Electronic excited state transport and trapping as a probe of intramolecular polymer structure

Abstract
A theory is presented for the incoherent transport and trapping of electronic excitations among chromophores attached to two specific sites on a macromolecule, such as the ends of a polymer chain. Two problems are considered: (a) the donor and trap chromophores are randomly distributed on the sites; (b) each macromolecule has exactly one donor and one trap chromophore. The formalism includes the possibility of a statistical distribution of intersite distances within the macromolecule, and allows transport between chromophores on different molecules, as well as intramolecular transport and trapping processes. In the dilute limit (isolated macromolecules) the theory is exact, and for large intramolecular site separations or high densities the self‐consistent formalism of Loring, Andersen, and Fayer is recovered.

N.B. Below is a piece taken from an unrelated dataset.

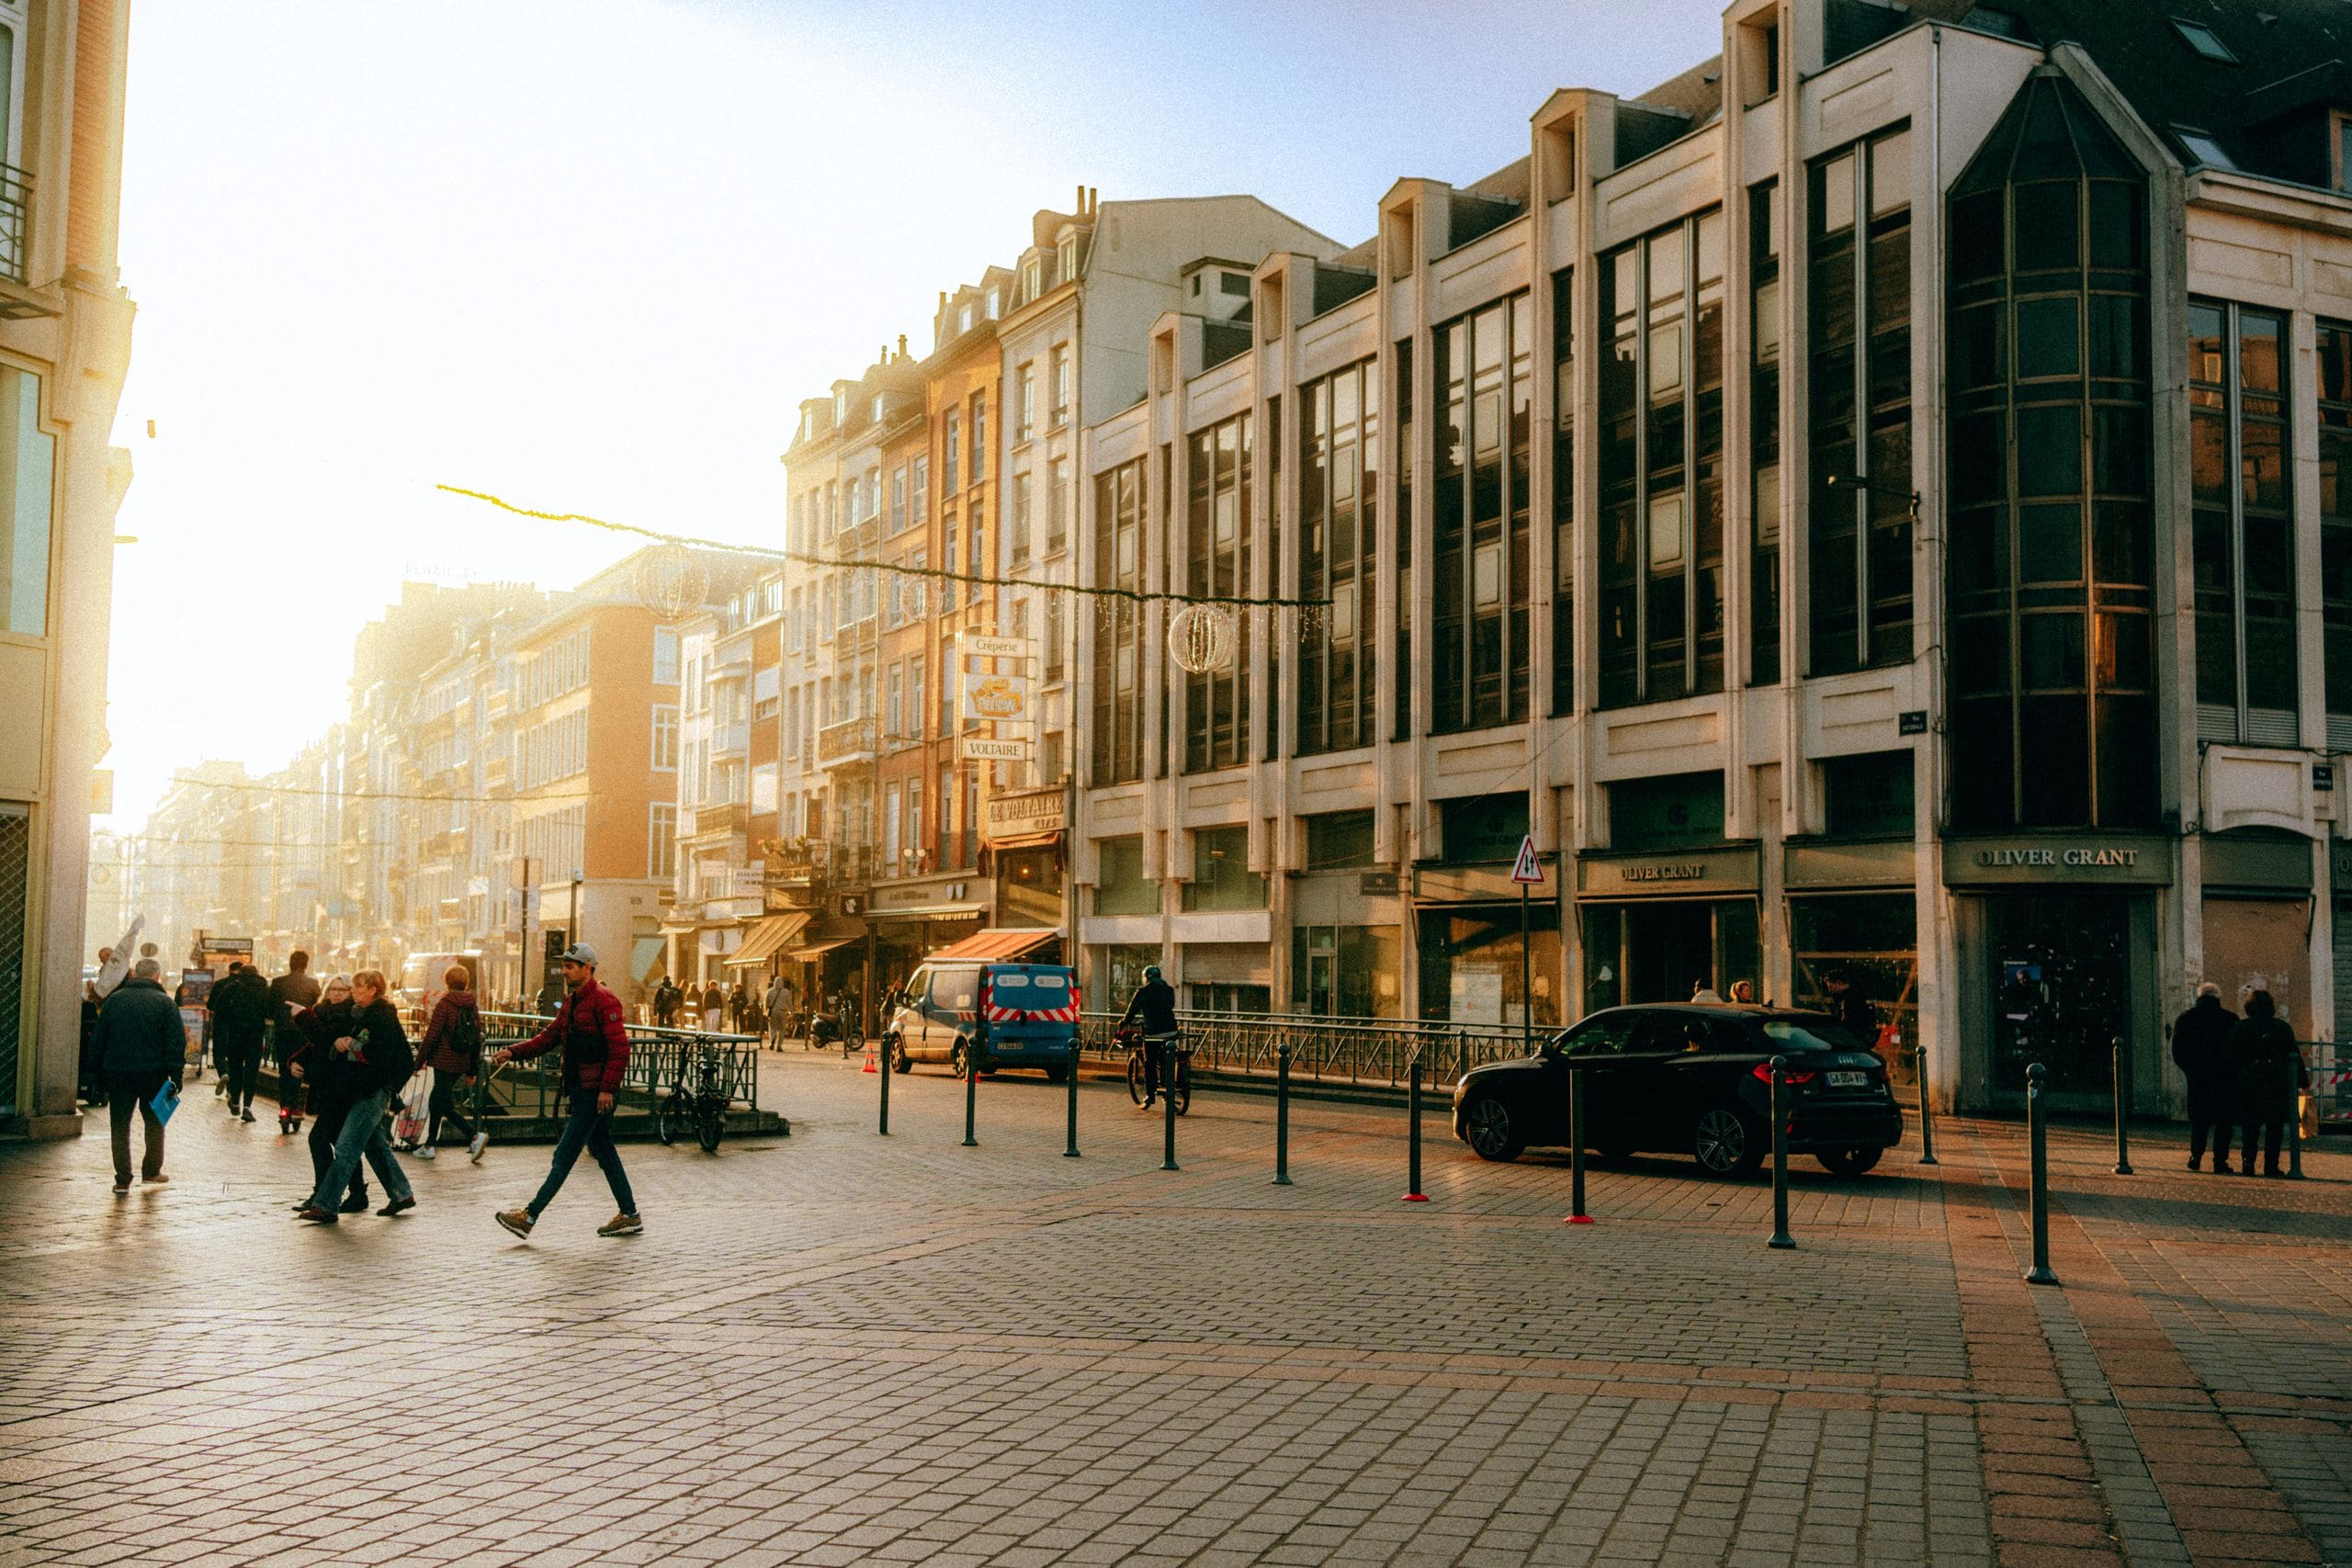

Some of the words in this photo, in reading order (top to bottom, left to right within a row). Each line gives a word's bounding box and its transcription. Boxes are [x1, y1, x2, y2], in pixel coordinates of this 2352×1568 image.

The theory can be applied to any transfer rate, any distribution of intramolecular intersite distances and transition moments, and is well behaved at all polymer densities and site occupancy probabilities. Sample calculations are performed for the Förster rate and a Gaussian distribution of distances between sites on the same molecule. The theory will allow fluorescence depolarization and trap fluorescence experiments to be used as a probe of the distribution of end to end distance for end‐tagged polymer chains in viscous solution, or in solid noncrystalline materials. Applications to structural studies in biological systems are likely.